Assignment: From the line containing "Some of the words" through the last line, print the records exactly and nothing else.

Source records
---------------

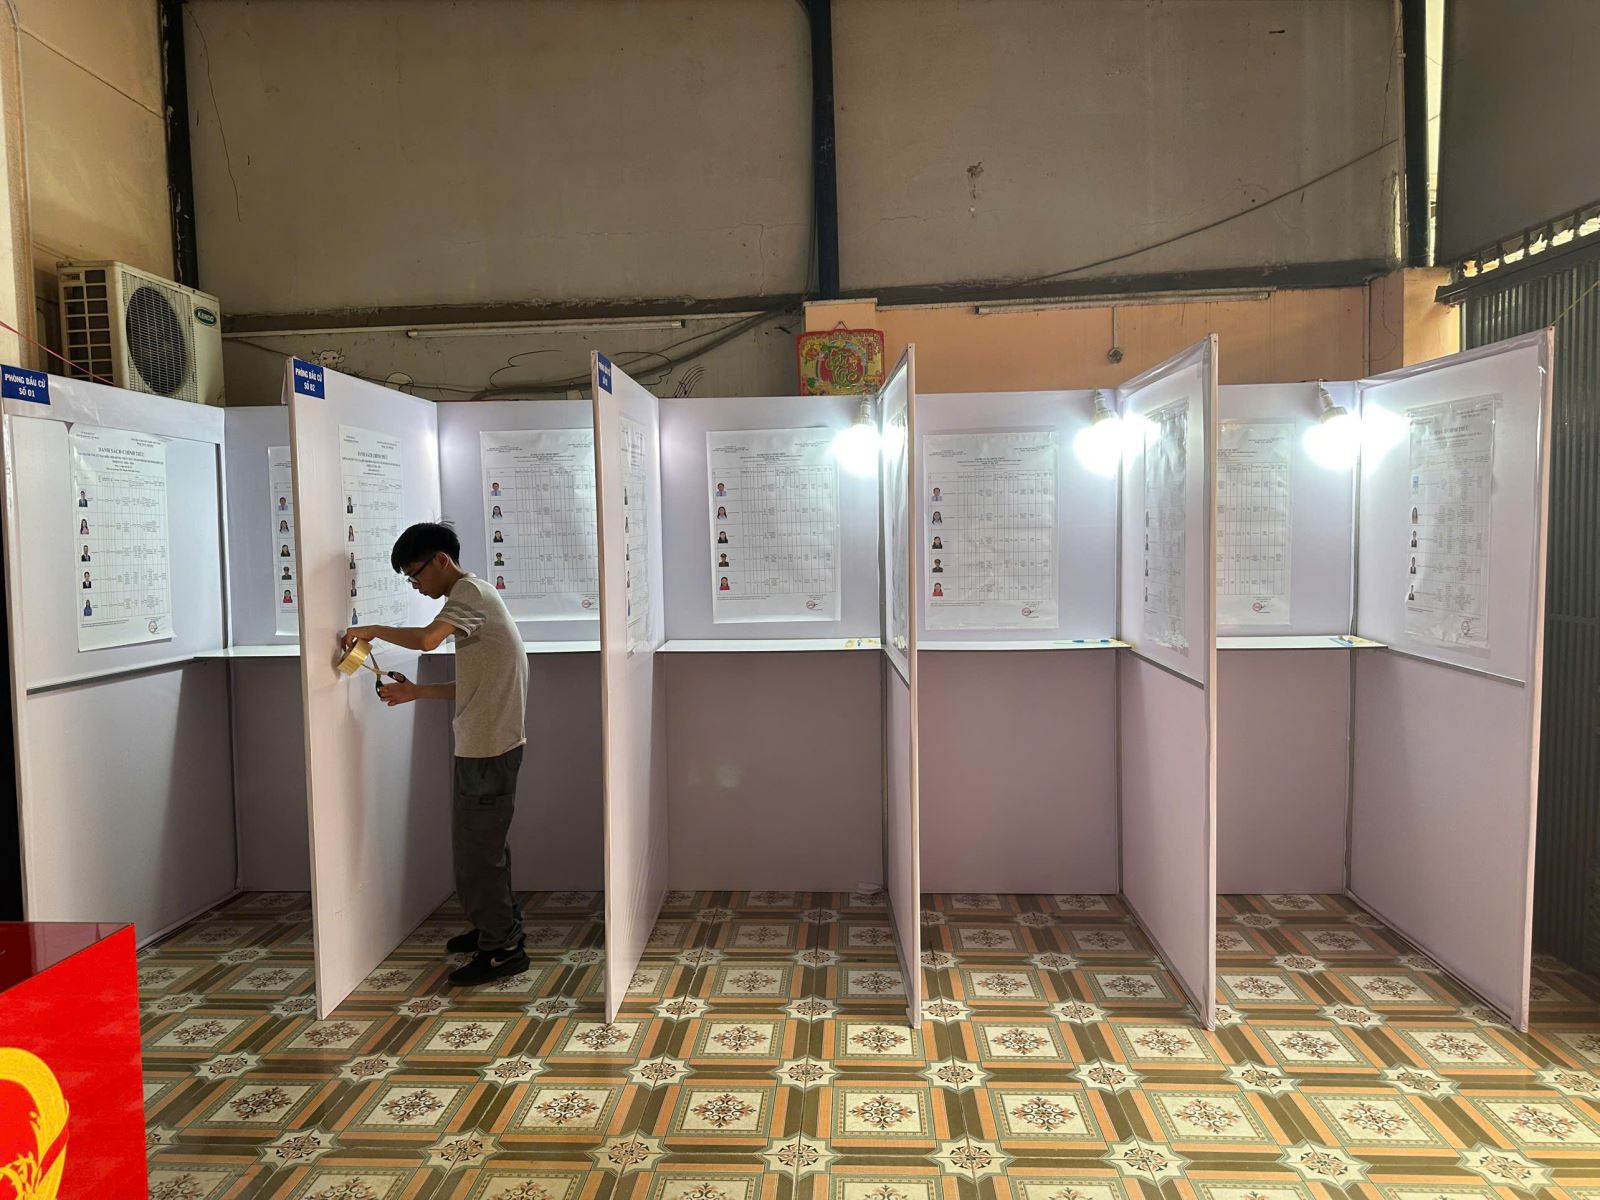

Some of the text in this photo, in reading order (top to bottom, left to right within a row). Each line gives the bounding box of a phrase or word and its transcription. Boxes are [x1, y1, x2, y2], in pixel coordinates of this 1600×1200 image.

[4, 373, 24, 385] PHÒNG
[19, 386, 35, 398] SỐ 01
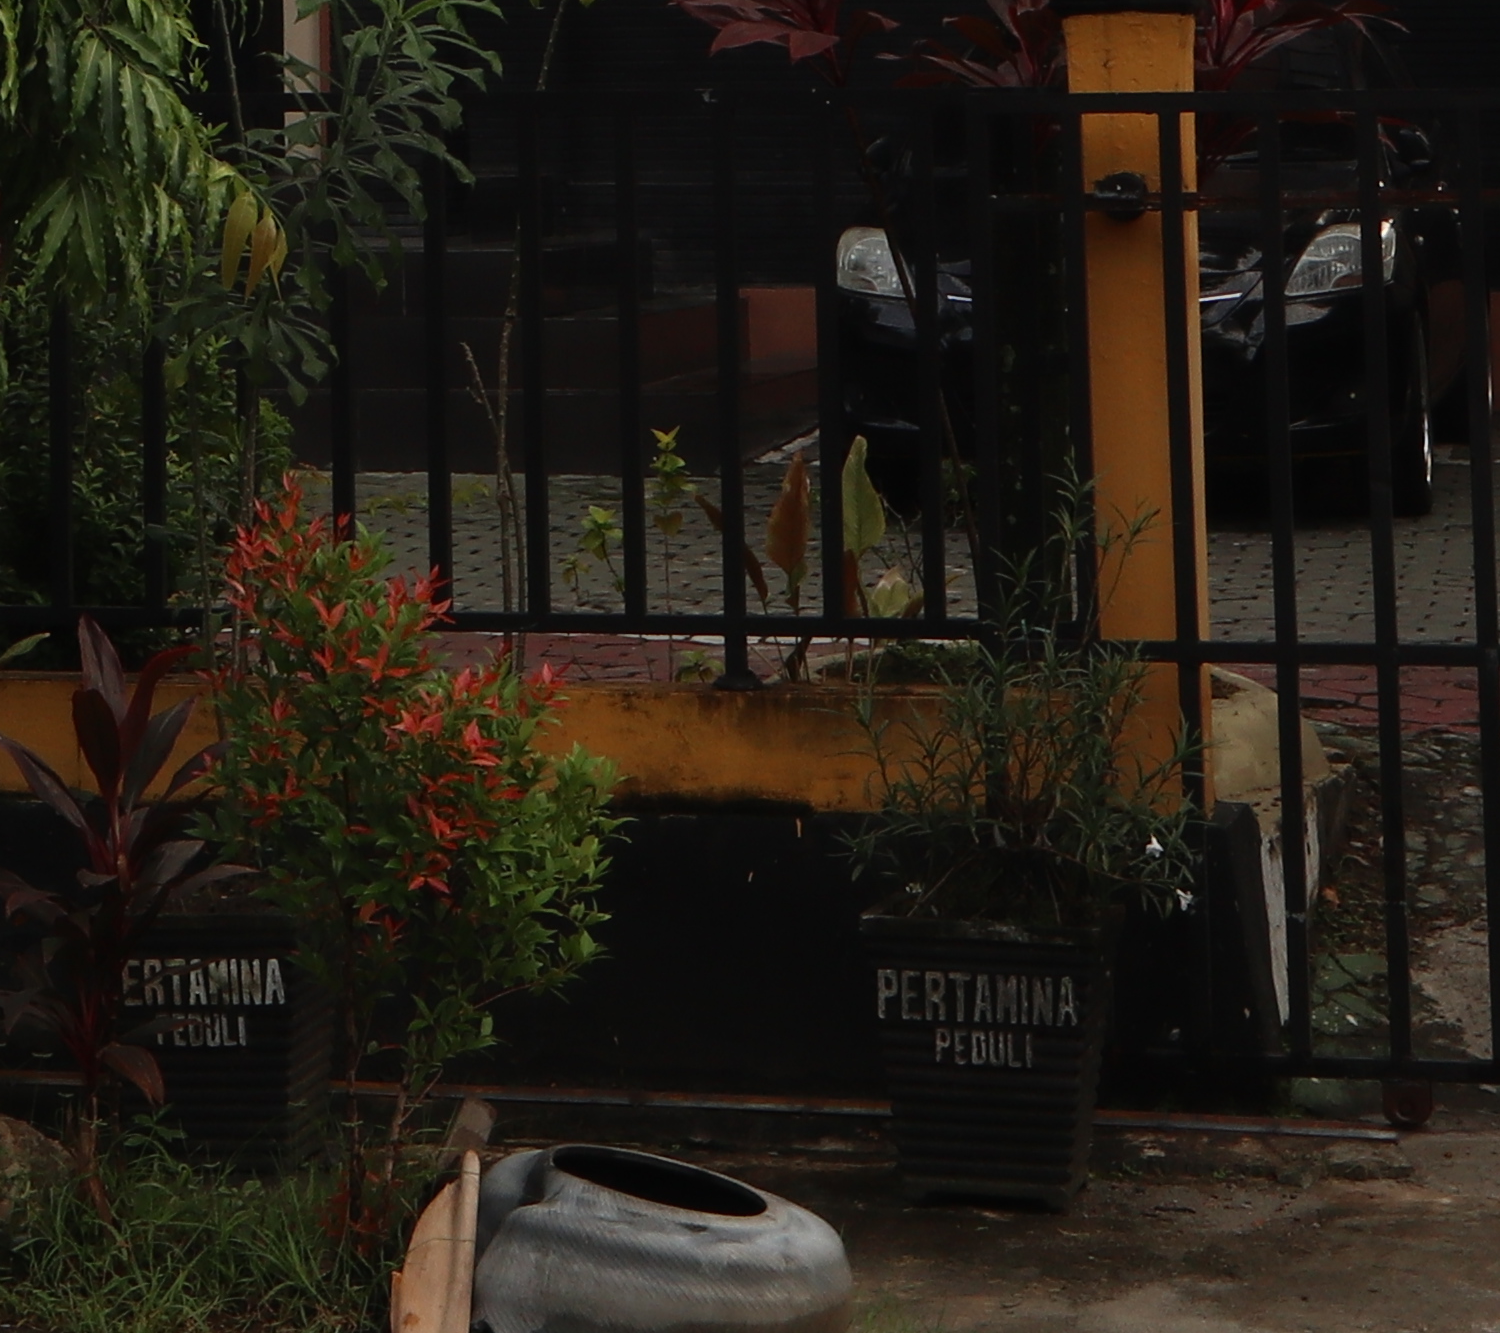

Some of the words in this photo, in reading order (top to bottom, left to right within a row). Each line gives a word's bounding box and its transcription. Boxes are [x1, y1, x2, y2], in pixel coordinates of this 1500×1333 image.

[121, 957, 286, 1007] ERTAMINA
[877, 968, 1080, 1028] PERTAMINA
[935, 1027, 1035, 1069] PEDULI

---------------

Result of this exercise:
Some of the words in this photo, in reading order (top to bottom, left to right within a row). Each line gives a word's bounding box and its transcription. Boxes are [x1, y1, x2, y2], in pixel coordinates of this 1500×1333 image.

[121, 957, 286, 1007] ERTAMINA
[877, 968, 1080, 1028] PERTAMINA
[935, 1027, 1035, 1069] PEDULI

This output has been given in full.